Само собой, никакого венчания Владимира Мономаха и в помине не было, как не было и священной реликвии – самой шапки Владимира Мономаха, принадлежавшей византийским императорам и врученной нашему Владимиру. Современные историки, иронизируя по вопросу этой шапки, предлагают просто представить себе, как византийские императоры в жаркой Византии носят на себе этот невероятно теплый и тяжелый головной убор, отороченный соболиным мехом. Тут уж даже полное бритье головы по мусульманскому обычаю не спасло бы от кожных неприятностей. Впрочем, не в шапке дело, шапка всего лишь символ. А вот идея, которая все больше набирала обороты и пухла на глазах от собственной значимости, лучше всего оказалась выраженной псковским монахом Филофеем, который попросту связал все вышеизложенное и объявил своему государю, "что все христианские царства сошлись в одном его царстве, что во всей поднебесной один он православный государь, что Москва – Третий и последний Рим".
Эта его идея о Третьем Риме и до сегодняшнего дня так актуальна, что страшно становится. Ко всему прочему в московских умах созрела-таки идея о божественной данности московской власти. Так что, когда некий рыцарь Поппель случайно посетил Московию, подивился ее огромности и силе, а затем вернулся в свою далекую империю к германскому императору Фридриху Второму и об этом путешествии соткал хвалы Московии, император здраво рассудил, что можно бы с московитами и породниться, коли они так уж сильны, как рыцарь доносит. Император тут же послал Поппеля назад в Москву, дабы просить у московского царя руки его дочери для своего племянника, и пообещал, что в случае бракосочетания московский царь получит титул короля. Куда там!
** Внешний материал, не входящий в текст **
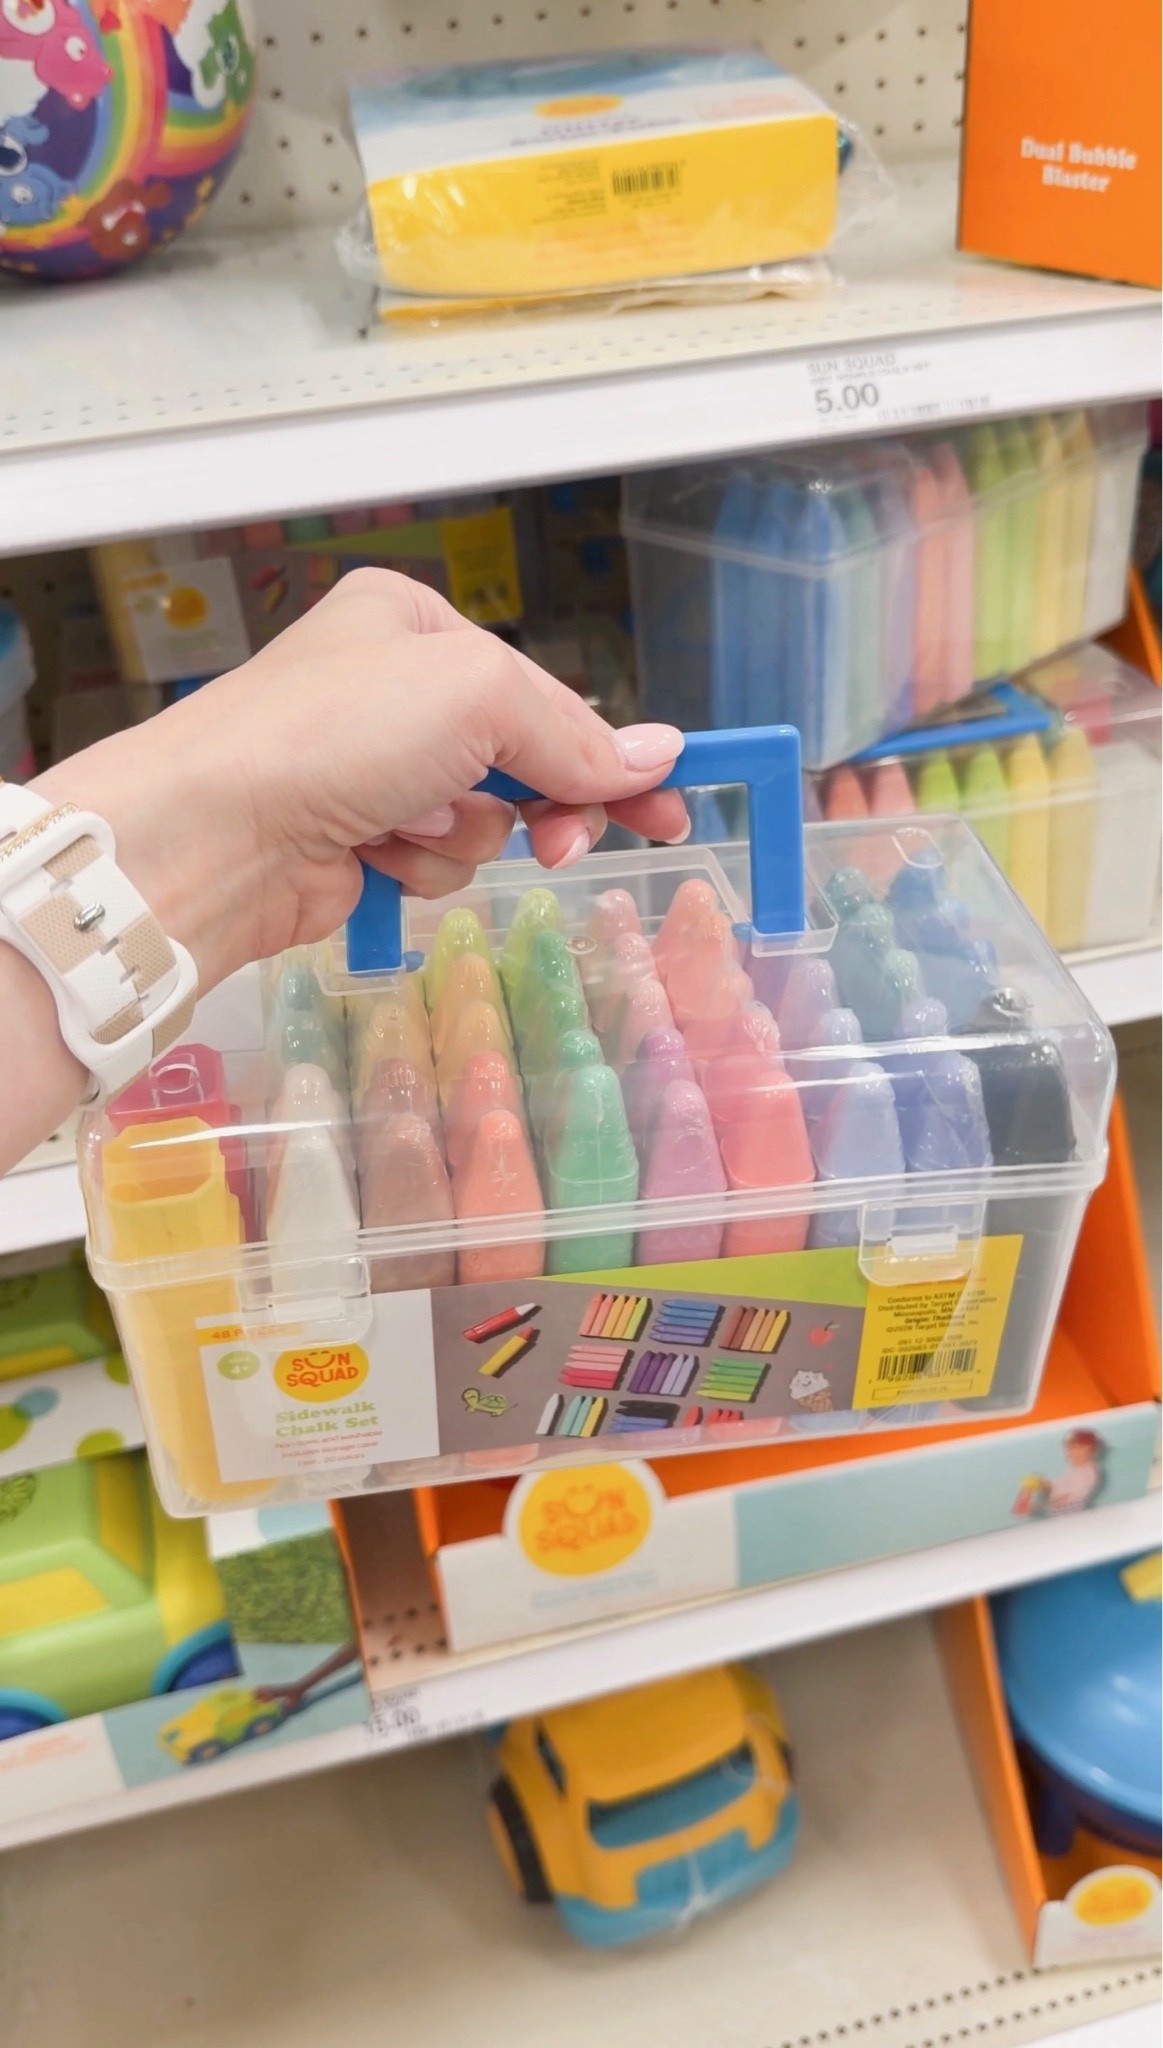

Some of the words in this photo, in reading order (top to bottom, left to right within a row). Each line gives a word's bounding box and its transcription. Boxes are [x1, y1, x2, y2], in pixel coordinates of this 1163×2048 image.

Надменно и с обидой незадачливому свату было замечено: "А что ты нам говорил о королевстве, то мы Божиею милостью государи на своей земле изначала, от первых своих прародителей, а поставление имеем от Бога, как наши прародители, так и мы. Молим Бога, чтобы нам и детям нашим дал до века так быть, как мы теперь государи на своей земле, а поставления как прежде ни от кого не хотели, так и теперь не хотим". Вот и весь сказ. Иван, очевидно, поспешил забыть (или, наоборот, помнил слишком хорошо), что в Днепровской Руси был уже русский король – Даниил Галицкий, и тот свой титул принял с почтительностью, хотя больше любил именовать себя просто князем.